DAVAO CITY—A full operation of the Sarangani’s provincial hospital to at least as a secondary-level referral hospital would save not less than P9 million annually for the province, according to the provincial government.
The amount was expected in the referral system alone of its indigent patients to private hospitals in General Santos City. Only recently did the province announce was finally operating the provincial hospital at the Capitol Complex in Alabel town “as a 24-hour forward triage facility,” but the hospital would be temporarily known as Sarangani Health Care Facility.
For the meantime that the facility was still complying with some legal building requirement such as fire- safety permit, the hospital would only be providing “initial management of clients,” then forward them to the province’s referral hospitals in General Santos City, according to Provincial Health Officer Arvin Alejandro.
“No admissions yet,” said Alejandro, a medical doctor, “until a fire-safety certificate is secured as prerequisite to the issuance of the occupancy permit.”
He added his office would already process the license of the hospital to operate as infirmary facility pending the completion of the operating room by the end of June.
The operating room is funded by the Department of Health (DOH).
“And if we would have the equipment as required of an operating room, then we proceed to the operationalization of the provincial hospital as a Level-1 facility,” Alejandro said.
The provincial hospital was constructed at a cost of P185 million, with P170 million as counterpart from the DOH and P15 million from the provincial government.
The provincial government allocated P13 million for personal services requirement of the hospital since it opened in August 29 last year. This was aside from the P6 million for the maintenance and other operating expenditures and P15 million for the capital outlay for the purchase of equipment required of a Level-1 facility.
Initial mobilization of funds for putting up the hospital started in 2011, and construction began early 2013.
The provincial hospital would complete the loop of five other hospitals ran by the provincial government in the municipalities of Maitum, Kiamba, Maasim, Malungon and Glan.
As the core referral, “it means provision of other services that cannot be provided by our five municipal hospitals,” Alejandro said.

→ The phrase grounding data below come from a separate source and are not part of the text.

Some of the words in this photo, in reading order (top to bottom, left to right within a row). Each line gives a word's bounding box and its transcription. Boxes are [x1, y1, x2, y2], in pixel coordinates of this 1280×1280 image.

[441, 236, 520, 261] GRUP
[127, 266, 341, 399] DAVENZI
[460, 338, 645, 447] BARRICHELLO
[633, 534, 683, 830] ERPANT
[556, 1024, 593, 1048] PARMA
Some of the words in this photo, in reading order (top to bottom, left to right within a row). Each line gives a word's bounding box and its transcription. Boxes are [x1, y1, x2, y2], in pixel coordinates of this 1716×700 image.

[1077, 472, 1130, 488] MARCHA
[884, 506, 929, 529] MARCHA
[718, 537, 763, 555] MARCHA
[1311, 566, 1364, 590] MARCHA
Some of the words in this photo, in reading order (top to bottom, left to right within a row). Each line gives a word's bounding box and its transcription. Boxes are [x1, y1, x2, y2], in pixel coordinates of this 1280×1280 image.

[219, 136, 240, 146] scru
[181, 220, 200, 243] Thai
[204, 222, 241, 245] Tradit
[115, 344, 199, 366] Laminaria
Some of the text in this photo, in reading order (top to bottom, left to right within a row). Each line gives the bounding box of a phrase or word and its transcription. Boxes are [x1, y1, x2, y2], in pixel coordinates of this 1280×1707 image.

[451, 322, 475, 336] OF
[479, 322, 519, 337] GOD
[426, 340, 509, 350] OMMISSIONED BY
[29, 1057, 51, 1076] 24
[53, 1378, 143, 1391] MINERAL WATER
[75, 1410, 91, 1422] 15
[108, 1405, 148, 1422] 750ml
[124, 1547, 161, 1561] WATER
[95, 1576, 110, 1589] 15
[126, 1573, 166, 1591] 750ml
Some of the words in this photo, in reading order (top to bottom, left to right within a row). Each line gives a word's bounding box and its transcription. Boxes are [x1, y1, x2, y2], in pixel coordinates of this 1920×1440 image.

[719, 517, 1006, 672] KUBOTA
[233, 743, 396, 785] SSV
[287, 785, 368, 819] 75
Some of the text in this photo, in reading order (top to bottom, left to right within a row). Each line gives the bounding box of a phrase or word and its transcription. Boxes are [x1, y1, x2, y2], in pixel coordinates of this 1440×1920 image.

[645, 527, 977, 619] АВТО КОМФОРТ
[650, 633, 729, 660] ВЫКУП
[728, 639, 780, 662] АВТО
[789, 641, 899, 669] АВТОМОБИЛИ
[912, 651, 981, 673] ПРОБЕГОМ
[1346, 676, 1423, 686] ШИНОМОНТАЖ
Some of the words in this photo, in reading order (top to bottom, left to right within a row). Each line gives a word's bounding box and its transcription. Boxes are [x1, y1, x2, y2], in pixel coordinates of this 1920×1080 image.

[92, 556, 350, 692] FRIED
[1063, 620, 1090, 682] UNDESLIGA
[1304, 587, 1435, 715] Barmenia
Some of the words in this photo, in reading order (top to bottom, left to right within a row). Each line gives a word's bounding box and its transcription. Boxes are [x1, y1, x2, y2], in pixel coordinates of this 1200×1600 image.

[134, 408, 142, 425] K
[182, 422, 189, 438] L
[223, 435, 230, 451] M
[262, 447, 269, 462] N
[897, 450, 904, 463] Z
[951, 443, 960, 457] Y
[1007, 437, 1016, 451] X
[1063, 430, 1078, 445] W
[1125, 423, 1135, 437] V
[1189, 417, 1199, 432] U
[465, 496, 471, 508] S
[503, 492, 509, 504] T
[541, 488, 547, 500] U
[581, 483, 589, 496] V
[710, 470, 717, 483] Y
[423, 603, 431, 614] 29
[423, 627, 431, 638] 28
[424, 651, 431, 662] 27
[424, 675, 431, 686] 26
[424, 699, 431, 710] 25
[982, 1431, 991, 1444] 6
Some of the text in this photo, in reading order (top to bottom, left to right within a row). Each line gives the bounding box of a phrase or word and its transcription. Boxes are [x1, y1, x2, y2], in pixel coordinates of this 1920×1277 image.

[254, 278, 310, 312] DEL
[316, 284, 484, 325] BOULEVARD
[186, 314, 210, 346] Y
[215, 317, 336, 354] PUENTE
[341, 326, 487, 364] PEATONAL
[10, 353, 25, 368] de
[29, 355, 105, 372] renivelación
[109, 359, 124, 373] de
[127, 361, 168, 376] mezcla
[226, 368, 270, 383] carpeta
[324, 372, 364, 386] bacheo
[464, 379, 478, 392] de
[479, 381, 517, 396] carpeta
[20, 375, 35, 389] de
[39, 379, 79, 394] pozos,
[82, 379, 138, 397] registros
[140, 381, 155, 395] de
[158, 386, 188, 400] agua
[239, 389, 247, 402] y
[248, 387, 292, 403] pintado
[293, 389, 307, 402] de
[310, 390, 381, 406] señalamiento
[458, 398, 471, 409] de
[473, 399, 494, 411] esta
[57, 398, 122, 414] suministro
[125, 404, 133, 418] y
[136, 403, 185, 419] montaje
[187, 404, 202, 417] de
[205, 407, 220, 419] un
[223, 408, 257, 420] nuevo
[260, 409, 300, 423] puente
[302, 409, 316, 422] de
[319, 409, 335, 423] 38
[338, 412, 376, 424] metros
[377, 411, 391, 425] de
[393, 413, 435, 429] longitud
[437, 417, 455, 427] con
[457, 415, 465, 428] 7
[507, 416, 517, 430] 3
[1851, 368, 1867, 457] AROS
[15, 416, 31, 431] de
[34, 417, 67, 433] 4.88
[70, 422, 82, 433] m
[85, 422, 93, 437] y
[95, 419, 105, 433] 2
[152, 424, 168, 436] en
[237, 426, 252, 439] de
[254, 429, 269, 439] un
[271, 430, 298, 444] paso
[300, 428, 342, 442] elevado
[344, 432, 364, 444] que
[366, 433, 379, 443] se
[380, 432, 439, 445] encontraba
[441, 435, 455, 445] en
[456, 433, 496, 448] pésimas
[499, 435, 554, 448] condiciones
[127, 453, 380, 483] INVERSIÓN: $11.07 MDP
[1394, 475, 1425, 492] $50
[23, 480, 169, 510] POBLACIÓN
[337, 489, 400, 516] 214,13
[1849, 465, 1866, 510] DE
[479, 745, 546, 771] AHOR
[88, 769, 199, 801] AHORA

The provincial government wanted to operate this provincial hospital into either a Level-2 or Level-3 facility while the municipal hospitals, particularly in Kiamba, Malungon and Glan, would continue providing Level 1, or infirmary, services.
“All other services on top of it, however, shall be referred to the provincial hospital,” he added.
Municipal hospitals in Maitum and Maasim would remain as infirmary facilities for the meantime, Alejandro said, “but they would be subject to rationalization again depending on the bulk of patients that are coming in.”
Sarangani has an agreement with three private hospitals in General Santos City: Diagan Cooperative Hospital, Soccsksargen County Hospital and Dr. George Royeca Hospital “to cater to its indigent patients, which costs the provincial government some P18 million annually.”
Once the provincial hospital starts operating as Level 1, Alejandro said, the province would terminate its agreement with these hospitals, “which would generate annual savings for the province up to P9 million.”
Every year, Sarangani is allocating P10 million for the enrollment of its 4,600 indigent constituents, with “96-percent average rate of the province’s no billing policy or no out of pocket” of PhilHealth patients in 2017.”
The 4,600 enrollment in Sarangani comprises 90 percent of the total admitted patients in its municipal hospitals.